«Mobilisons nos énergies !» : l'appel
de Cohn-Bendit et Jadot
Contre l'immobilisme, toutes les énergies sont
nécessaires, selon Daniel Cohn-Bendit et Yannick Jadot, députés européens
EE-LV, en appellent à l'énergie et aux idées des citoyens.
Parler d’énergie, celle
que l’on produit, celle que nous consommons, oblige à se poser la question de
l’énergie politique et citoyenne. Le mot «énergie» ne vient-il pas du grec
«energeia» que l’on peut traduire par «force en action» ? Bouger, se
bouger, faire bouger les choses, les hommes, les femmes et la cité : la
question s’impose, urgente. Et cet appel vise précisément à (re)mobiliser tous
ceux qui ont envie de faire évoluer la France et qui, souvent, le font déjà
dans leur coin, autour d’eux, sans nécessairement savoir que d’autres agissent
de la même manière à quelques kilomètres de là. Remobiliser les énergies, donc,
mais aussi les fédérer : c'est la grande perspective politique des années
à venir que Libération entend organiser concrètement à travers la France.

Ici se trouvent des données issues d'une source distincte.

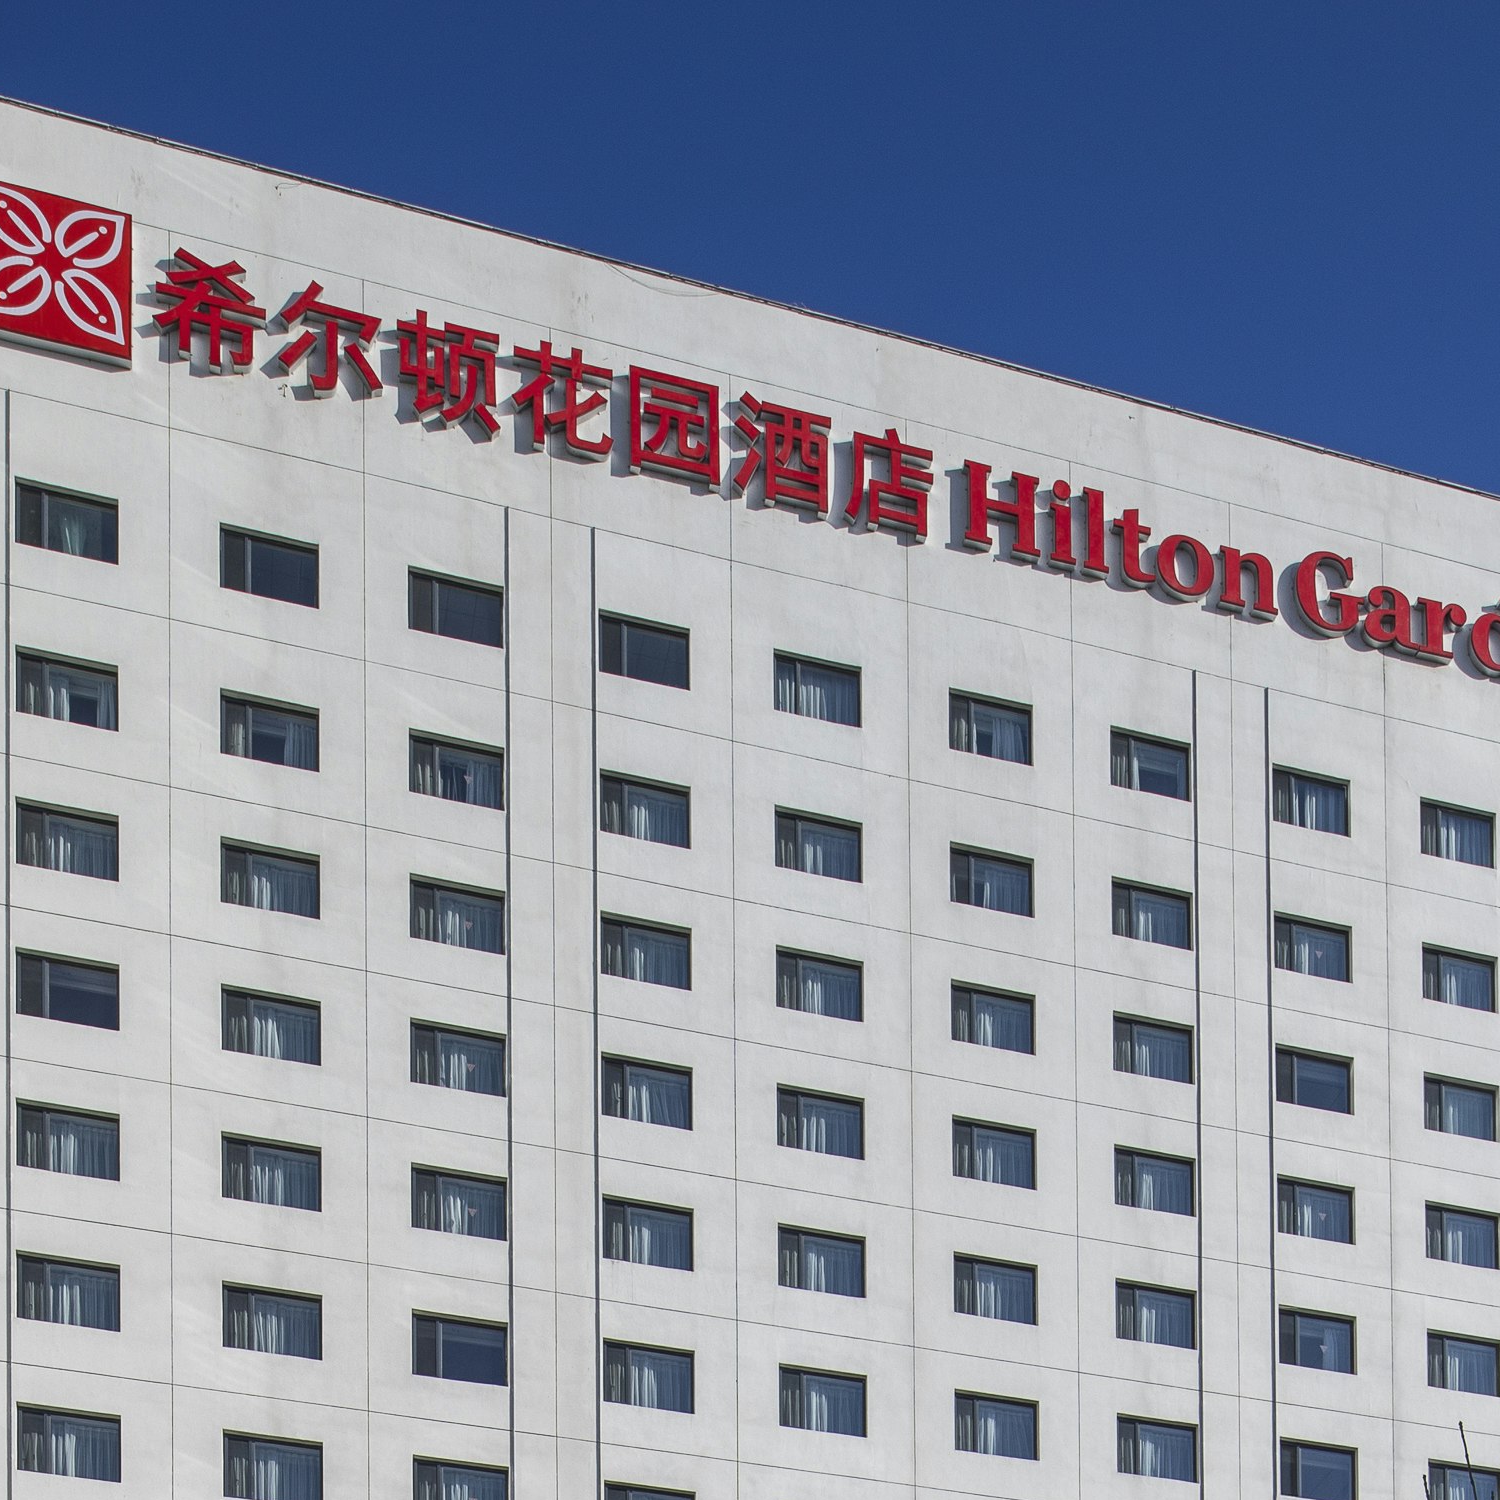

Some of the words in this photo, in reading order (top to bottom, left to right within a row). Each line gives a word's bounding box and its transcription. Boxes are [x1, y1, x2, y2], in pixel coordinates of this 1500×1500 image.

[153, 247, 935, 543] 希尔顿花园酒店
[963, 459, 1279, 619] Hilton

Il faut cependant d’abord dresser le constat :
nous sommes immobiles.
L’humeur est morose. Après
le soulagement d’un certain soir de mai 2012, c’est plutôt un mélange de
résignation et de sourde exaspération qu’on peut lire dans les enquêtes, les
commentaires et les regards. Prisonniers d’une certaine idée de la politique,
faite de grands soirs électoraux et de longues marches solidaires, de fiertés
nationales sportives ou économiques et d’aspirations à tout changer d’un coup
de bulletin, les Français peinent à trouver les ressources pour espérer. Mais
l’immobilisme, le manque d’imagination et les difficultés matérielles n’ont
rien d’une fatalité. Nos énergies sont nombreuses, nos ressorts insoupçonnés et
notre créativité sans limite.
Encore faut-il avoir le courage d’affronter le réel
tel qu’il est. Pour ce pays, hier
grande idée, aujourd’hui modeste puissance, qui a longtemps vécu sur des acquis
hérités d’une histoire longue de plusieurs siècles, entre la gloire de ses
conquêtes, de ses révolutions et le déni de sa part d’ombre comme la
colonisation, la chose n’a rien de simple. Mais il n’est plus question de
renâcler encore une fois devant l’obstacle. Les sportifs et les psychanalystes
le savent : on devient soi-même dans le dépassement de ses limites !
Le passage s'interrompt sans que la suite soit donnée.